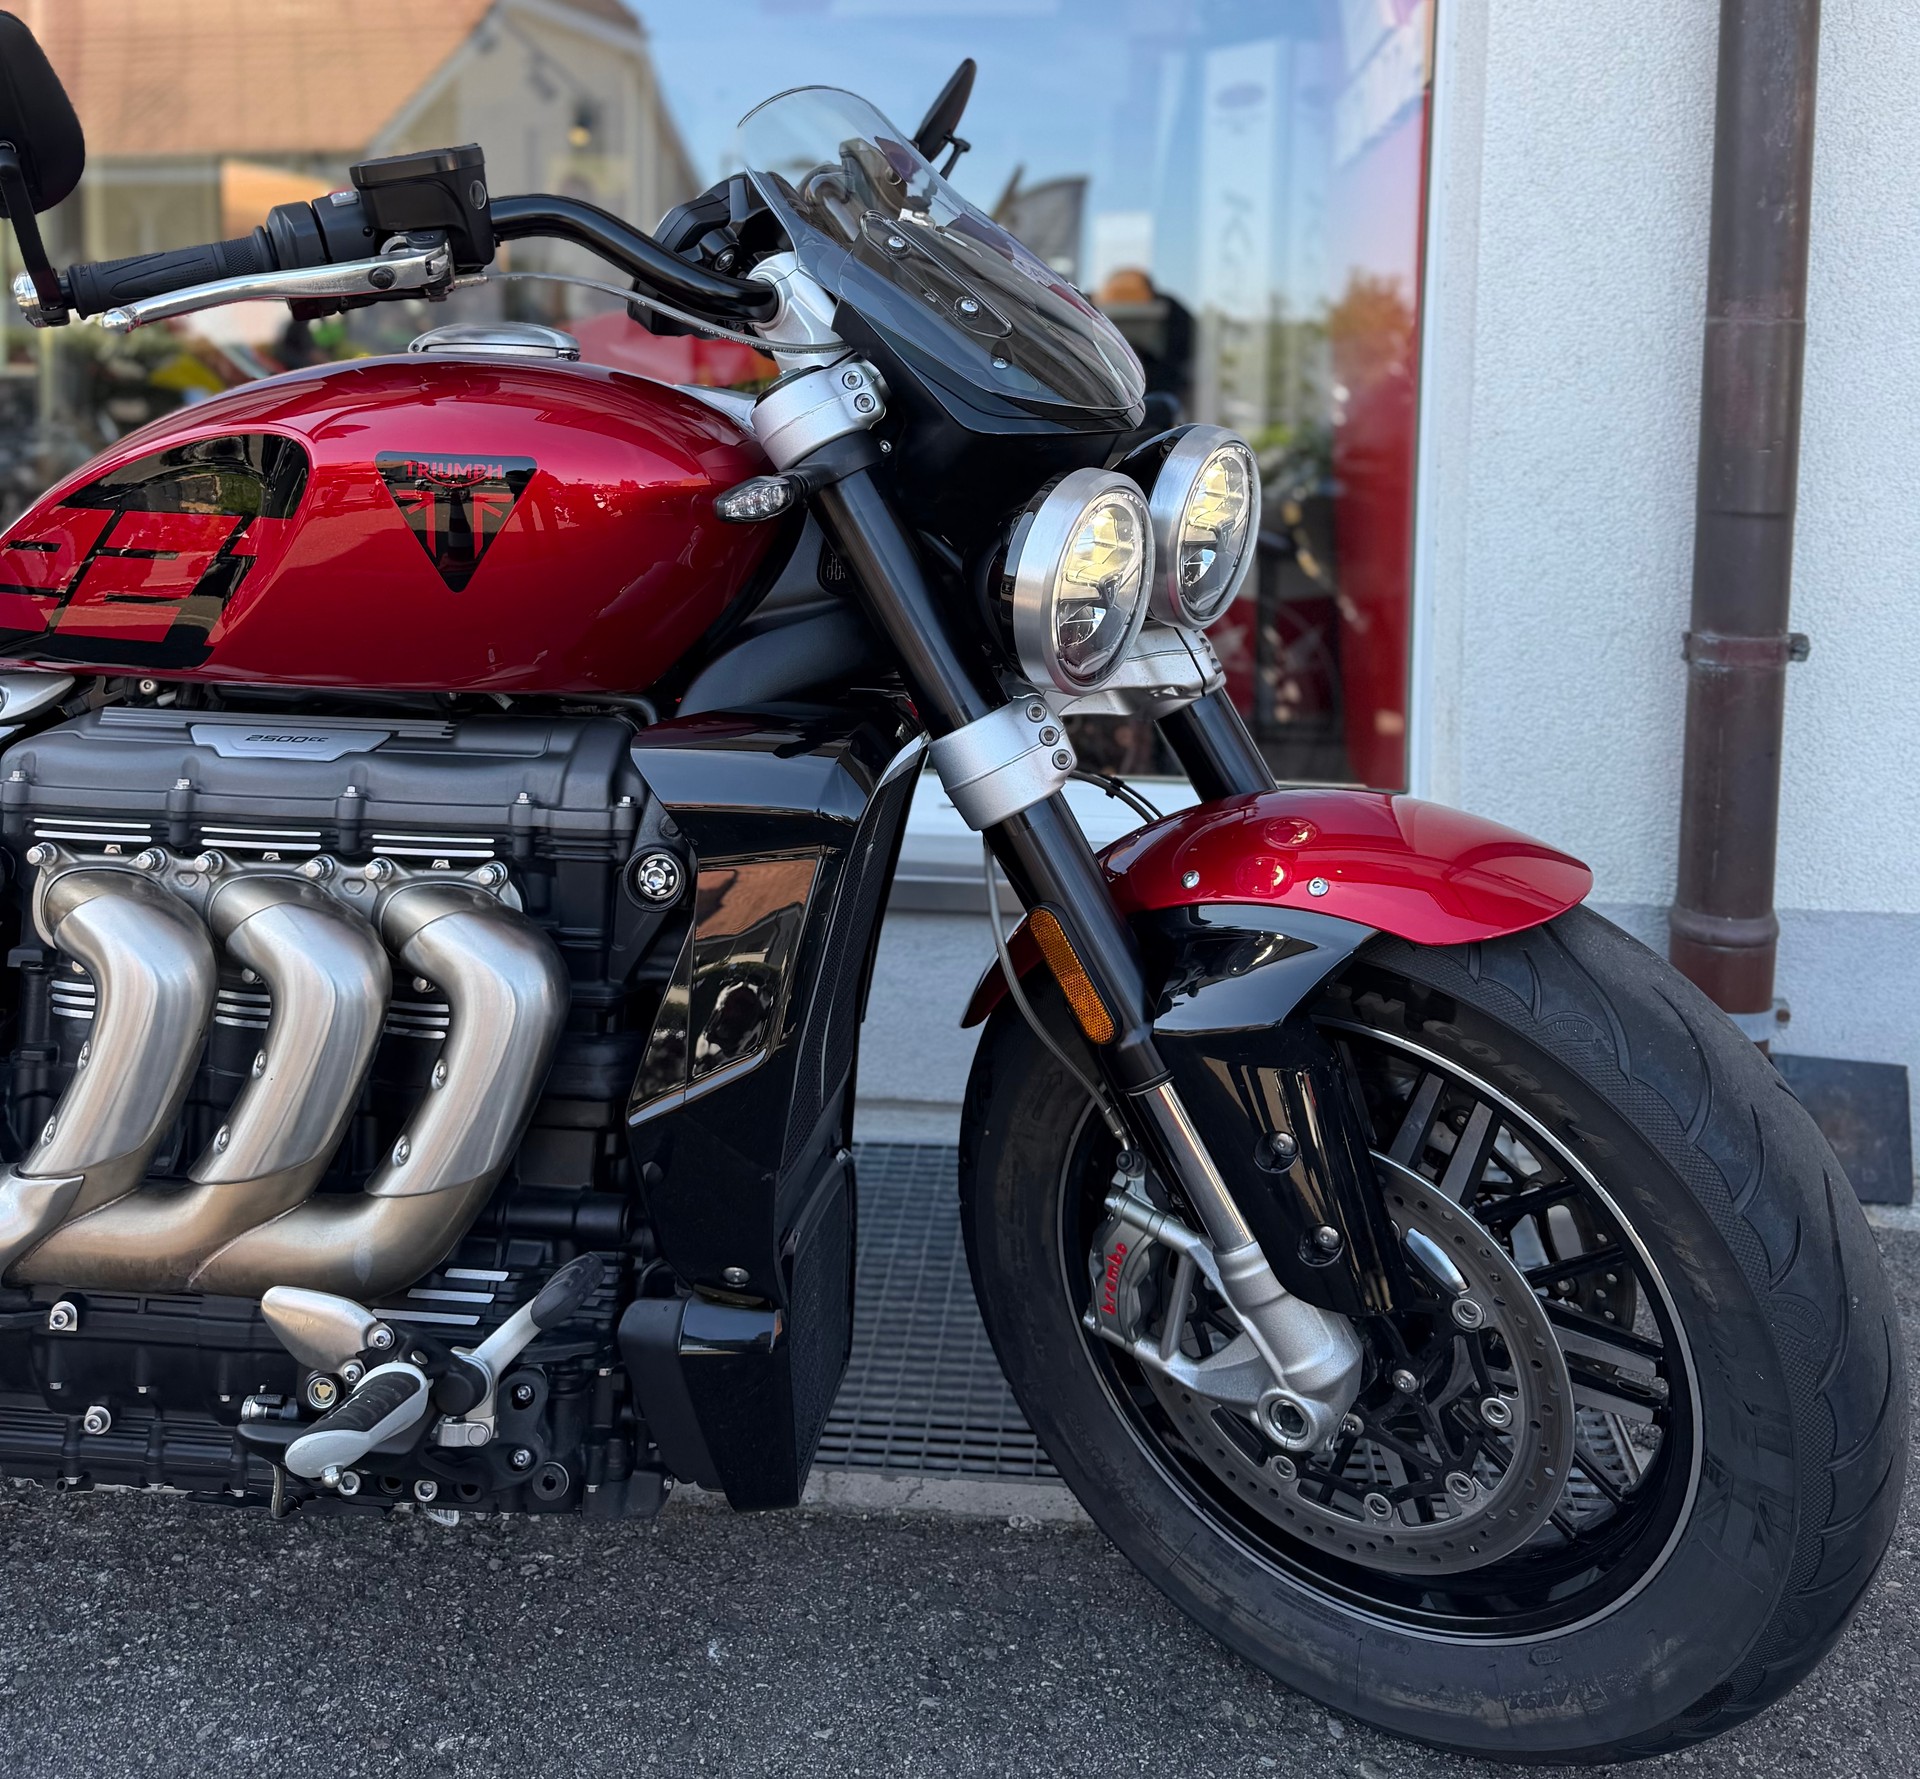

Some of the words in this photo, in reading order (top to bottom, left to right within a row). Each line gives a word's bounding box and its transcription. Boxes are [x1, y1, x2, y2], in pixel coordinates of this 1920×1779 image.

[404, 460, 503, 480] TRIUMPH
[245, 734, 328, 743] 2500cc
[1422, 1019, 1621, 1161] COBRA
[1100, 1242, 1127, 1315] brembo
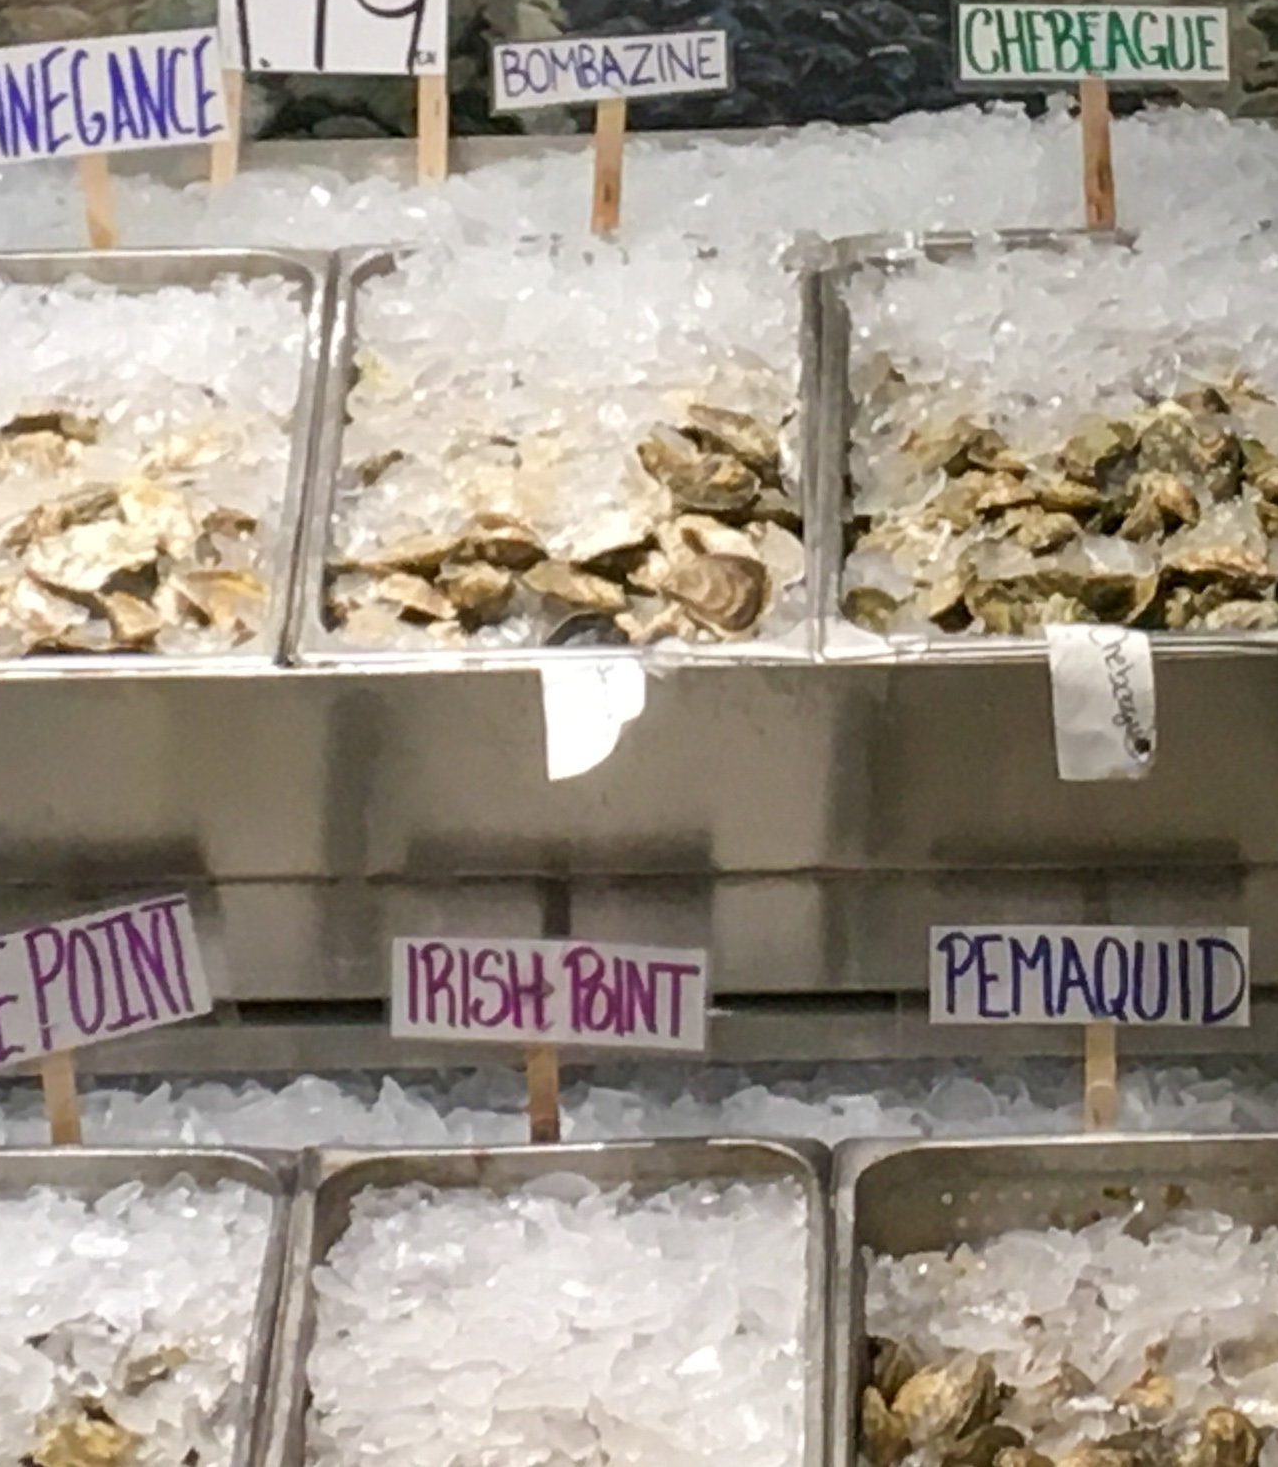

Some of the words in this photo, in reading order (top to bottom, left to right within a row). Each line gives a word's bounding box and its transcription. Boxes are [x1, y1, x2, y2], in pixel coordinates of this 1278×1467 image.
=-=-=-=-=
Exercise brief>
Leave out the images and transcribe all the records exactly.

Answer to the problem>
Some of the words in this photo, in reading order (top to bottom, left to right within a row). Each line gives a word's bounding box and its transcription. Boxes are [x1, y1, x2, y2], in pixel coordinates of this 1920×1779 image.

[404, 460, 503, 480] TRIUMPH
[245, 734, 328, 743] 2500cc
[1422, 1019, 1621, 1161] COBRA
[1100, 1242, 1127, 1315] brembo

Some of the words in this photo, in reading order (top to bottom, left to right within a row). Each line gives a word's bounding box and its transcription. Boxes are [x1, y1, x2, y2], in pixel coordinates of this 1278×1467 image.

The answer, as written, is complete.